Task description: Reproduce, word for word, all of the records; the pictures stay out.

[Data extracted from a collection]
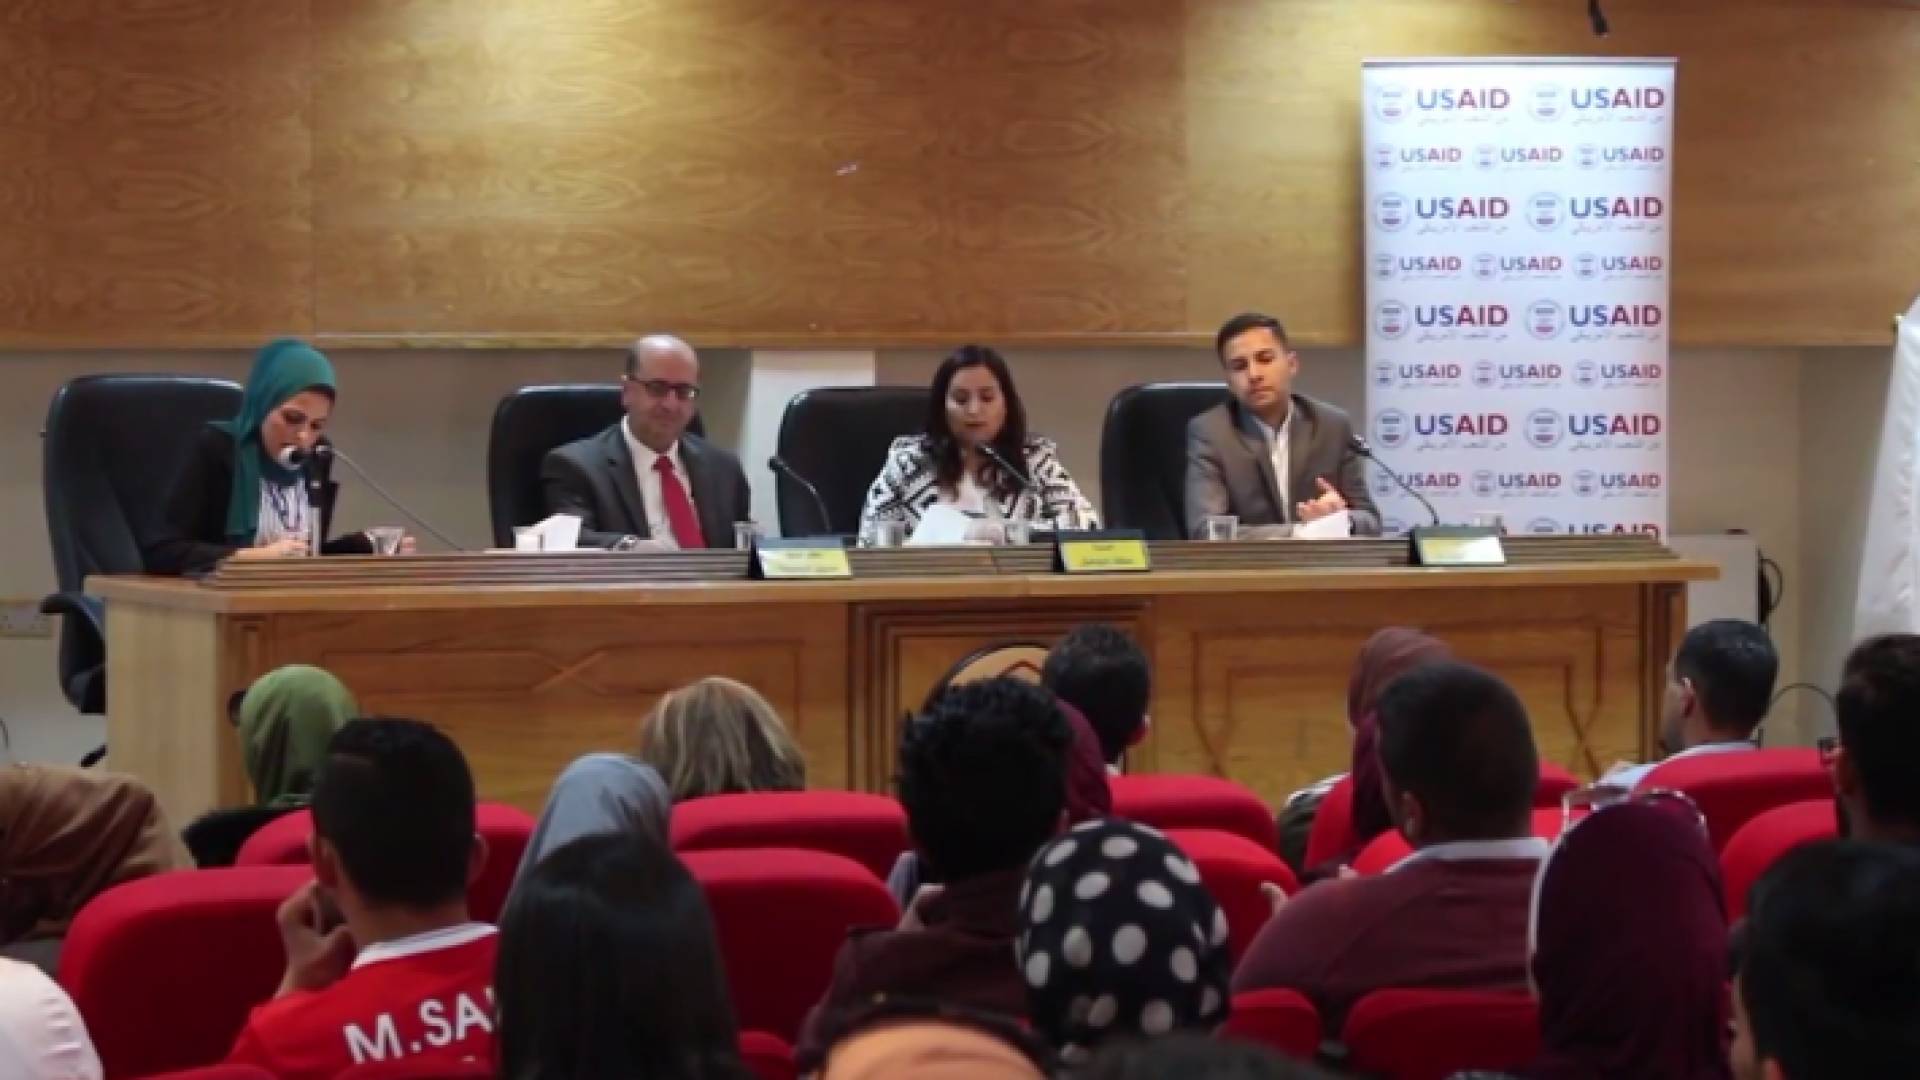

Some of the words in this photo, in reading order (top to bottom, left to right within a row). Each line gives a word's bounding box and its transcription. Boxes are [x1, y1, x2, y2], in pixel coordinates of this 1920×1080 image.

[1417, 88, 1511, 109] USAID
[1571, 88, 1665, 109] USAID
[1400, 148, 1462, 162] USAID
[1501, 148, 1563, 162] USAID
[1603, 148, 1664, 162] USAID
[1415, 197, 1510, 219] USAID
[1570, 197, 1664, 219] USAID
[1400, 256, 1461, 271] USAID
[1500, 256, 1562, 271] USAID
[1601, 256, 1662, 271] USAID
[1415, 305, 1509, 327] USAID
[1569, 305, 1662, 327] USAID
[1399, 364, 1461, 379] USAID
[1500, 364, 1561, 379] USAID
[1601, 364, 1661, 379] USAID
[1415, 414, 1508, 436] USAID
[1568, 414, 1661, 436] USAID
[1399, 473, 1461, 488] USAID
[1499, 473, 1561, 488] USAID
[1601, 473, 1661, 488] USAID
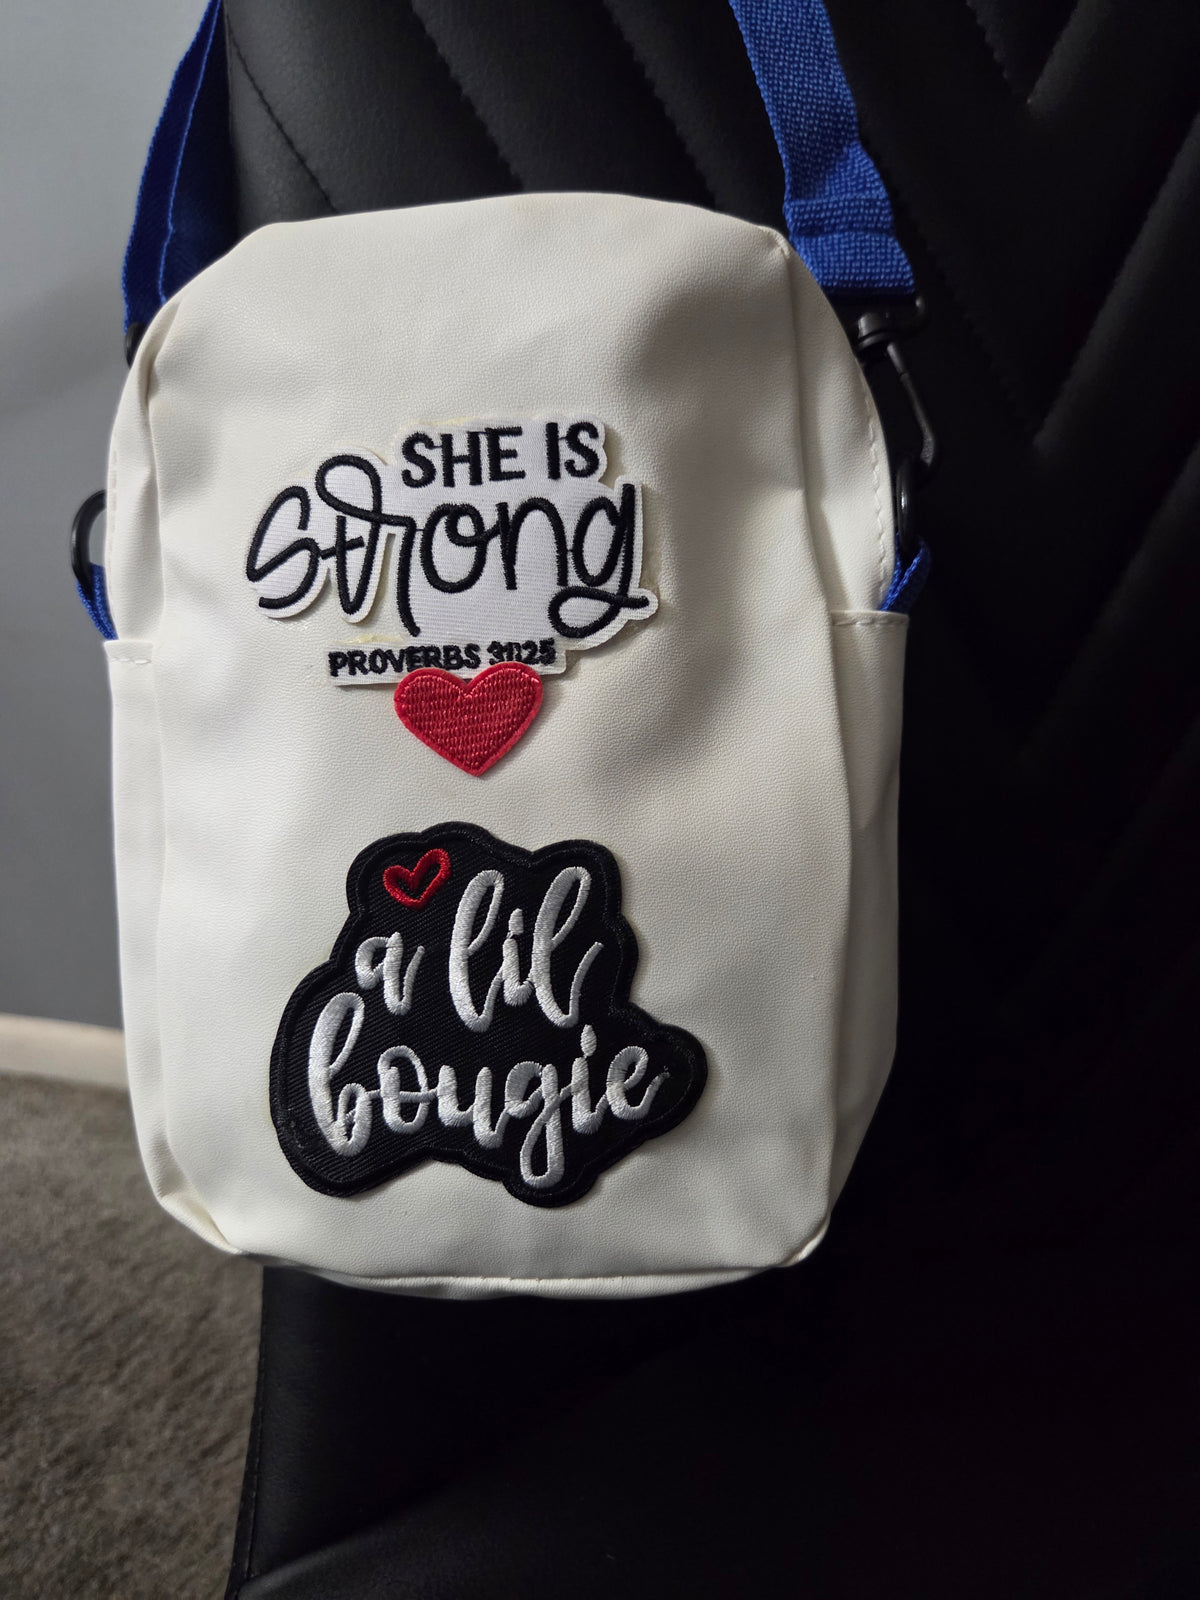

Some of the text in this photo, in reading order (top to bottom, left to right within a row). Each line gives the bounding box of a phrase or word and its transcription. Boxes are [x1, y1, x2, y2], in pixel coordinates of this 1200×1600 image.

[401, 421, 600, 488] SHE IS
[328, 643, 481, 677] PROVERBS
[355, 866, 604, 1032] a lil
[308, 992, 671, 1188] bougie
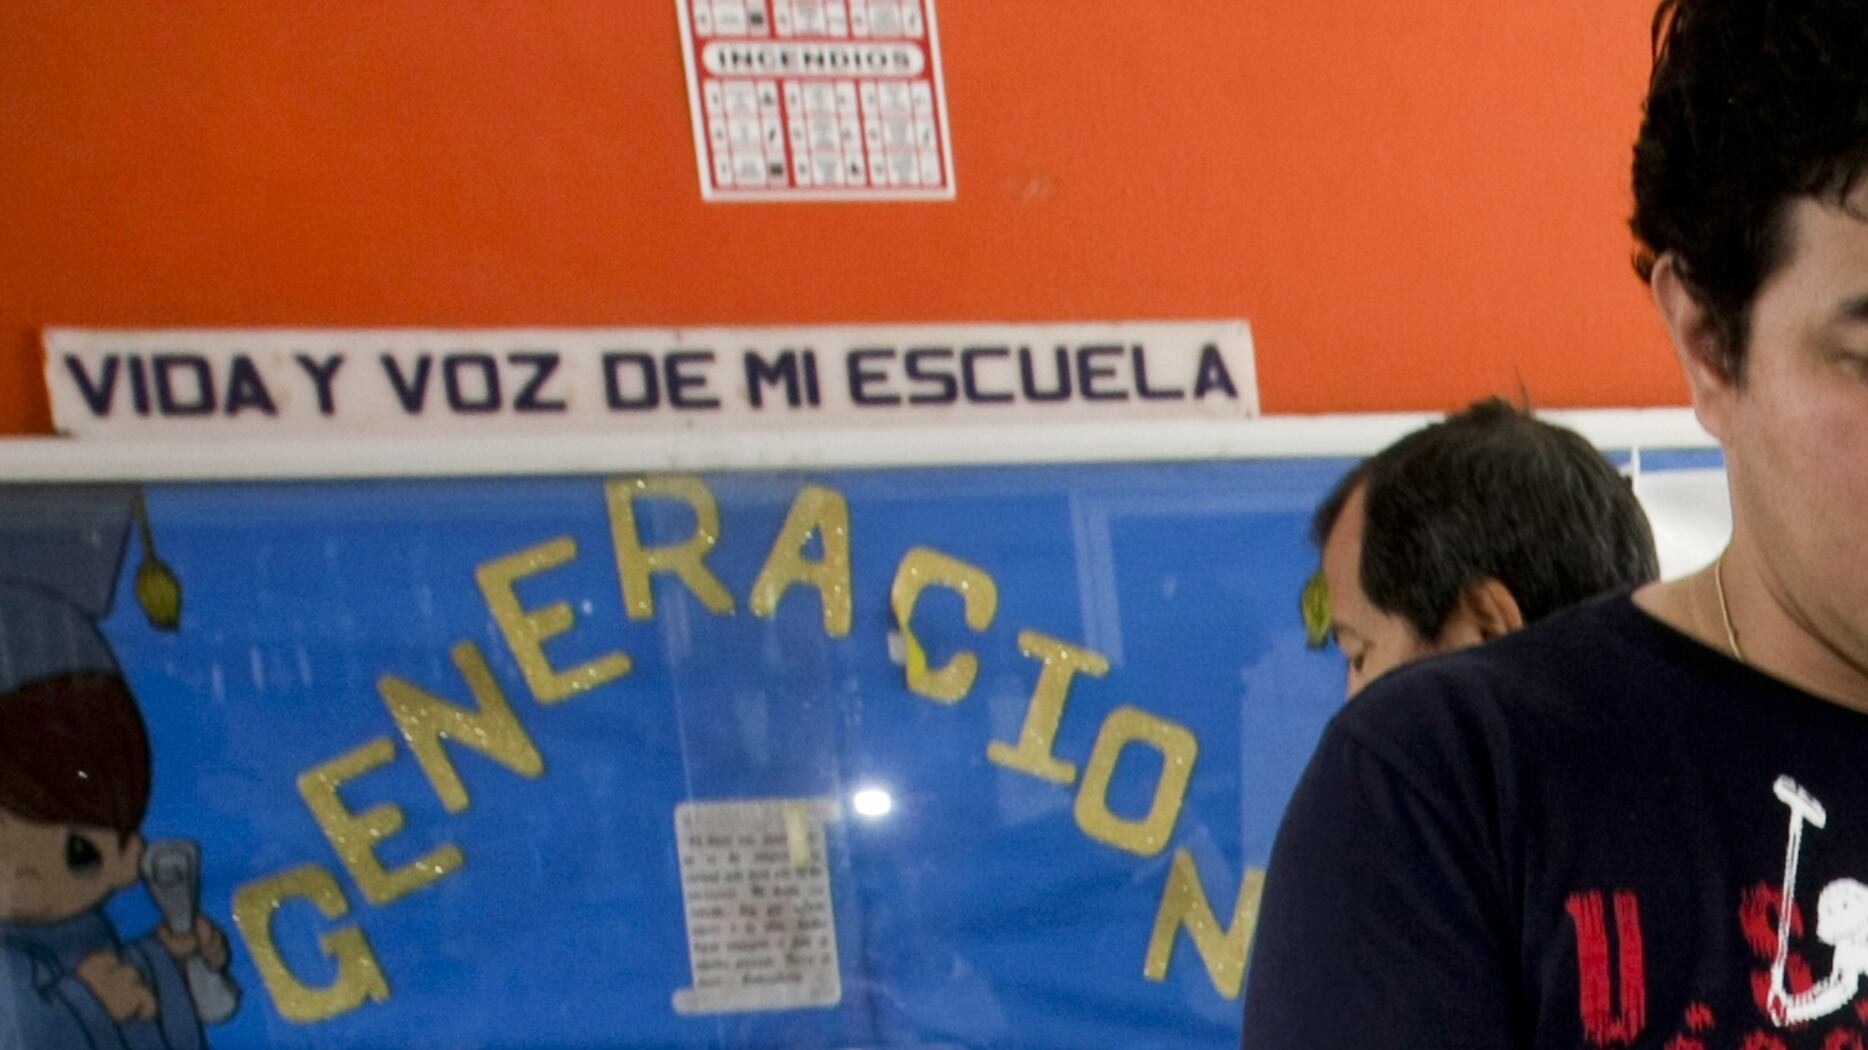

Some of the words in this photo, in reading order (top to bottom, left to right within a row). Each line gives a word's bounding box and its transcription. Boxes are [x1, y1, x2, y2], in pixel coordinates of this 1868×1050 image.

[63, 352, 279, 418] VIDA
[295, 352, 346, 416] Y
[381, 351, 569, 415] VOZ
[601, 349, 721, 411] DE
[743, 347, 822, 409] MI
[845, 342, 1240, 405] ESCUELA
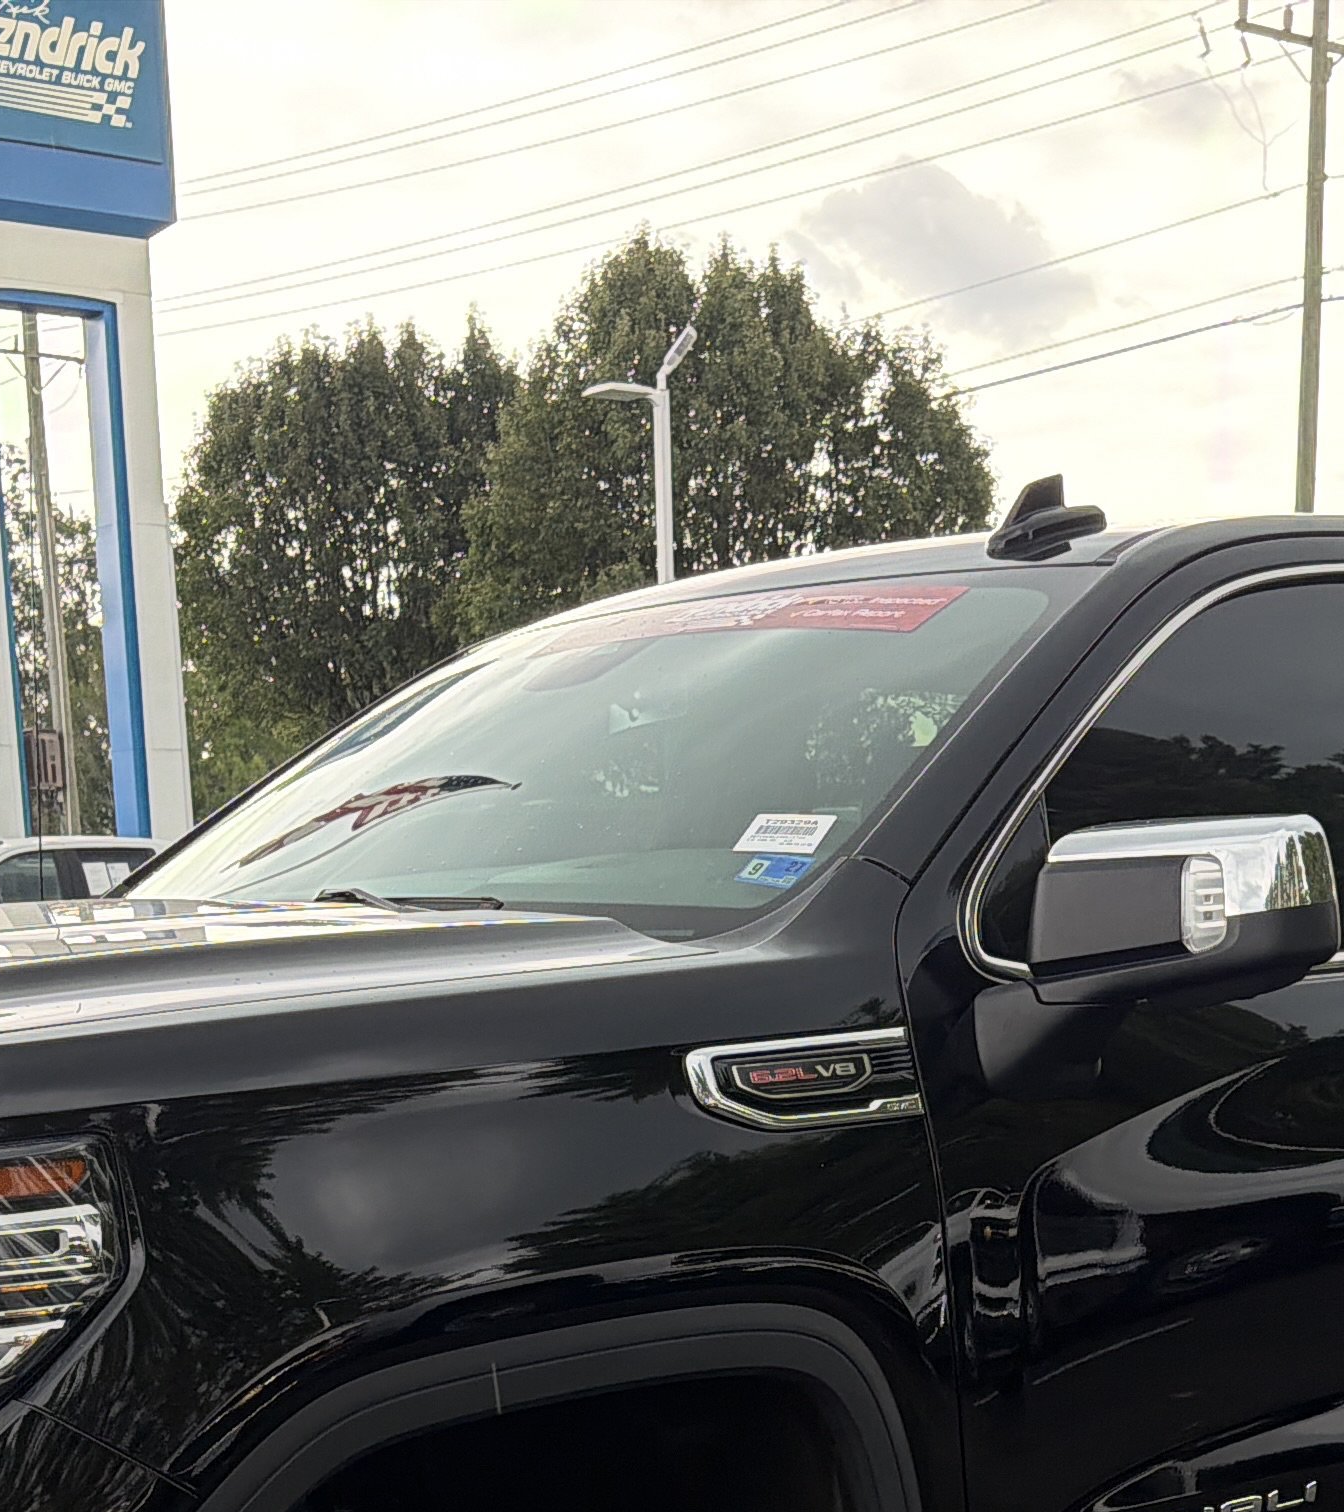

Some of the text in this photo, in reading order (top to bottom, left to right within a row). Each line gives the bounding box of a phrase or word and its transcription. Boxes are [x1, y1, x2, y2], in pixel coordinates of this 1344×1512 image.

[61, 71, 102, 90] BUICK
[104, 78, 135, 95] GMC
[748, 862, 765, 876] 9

Reply to the task:
Some of the words in this photo, in reading order (top to bottom, left to right within a row). Each line gives a word's bounding box and its transcription. Boxes are [x1, y1, x2, y2], in pixel coordinates of this 1920×1080 image.

[1417, 88, 1511, 109] USAID
[1571, 88, 1665, 109] USAID
[1400, 148, 1462, 162] USAID
[1501, 148, 1563, 162] USAID
[1603, 148, 1664, 162] USAID
[1415, 197, 1510, 219] USAID
[1570, 197, 1664, 219] USAID
[1400, 256, 1461, 271] USAID
[1500, 256, 1562, 271] USAID
[1601, 256, 1662, 271] USAID
[1415, 305, 1509, 327] USAID
[1569, 305, 1662, 327] USAID
[1399, 364, 1461, 379] USAID
[1500, 364, 1561, 379] USAID
[1601, 364, 1661, 379] USAID
[1415, 414, 1508, 436] USAID
[1568, 414, 1661, 436] USAID
[1399, 473, 1461, 488] USAID
[1499, 473, 1561, 488] USAID
[1601, 473, 1661, 488] USAID

Some of the text in this photo, in reading order (top to bottom, left to right within a row). Each line gives the bounding box of a phrase or word and its transcription. Boxes are [x1, y1, x2, y2], in pixel coordinates of this 1200×1600 image.

[401, 421, 600, 488] SHE IS
[328, 643, 481, 677] PROVERBS
[355, 866, 604, 1032] a lil
[308, 992, 671, 1188] bougie

Some of the words in this photo, in reading order (top to bottom, left to right within a row). Each line gives a word's bounding box and its transcription. Boxes are [x1, y1, x2, y2], in pixel coordinates of this 1868×1050 image.

[63, 352, 279, 418] VIDA
[295, 352, 346, 416] Y
[381, 351, 569, 415] VOZ
[601, 349, 721, 411] DE
[743, 347, 822, 409] MI
[845, 342, 1240, 405] ESCUELA

Some of the text in this photo, in reading order (top to bottom, left to right within a row). Each line gives the bounding box of a phrase or word and its transcription. Boxes are [x1, y1, x2, y2], in pixel coordinates of this 1344×1512 image.

[61, 71, 102, 90] BUICK
[104, 78, 135, 95] GMC
[748, 862, 765, 876] 9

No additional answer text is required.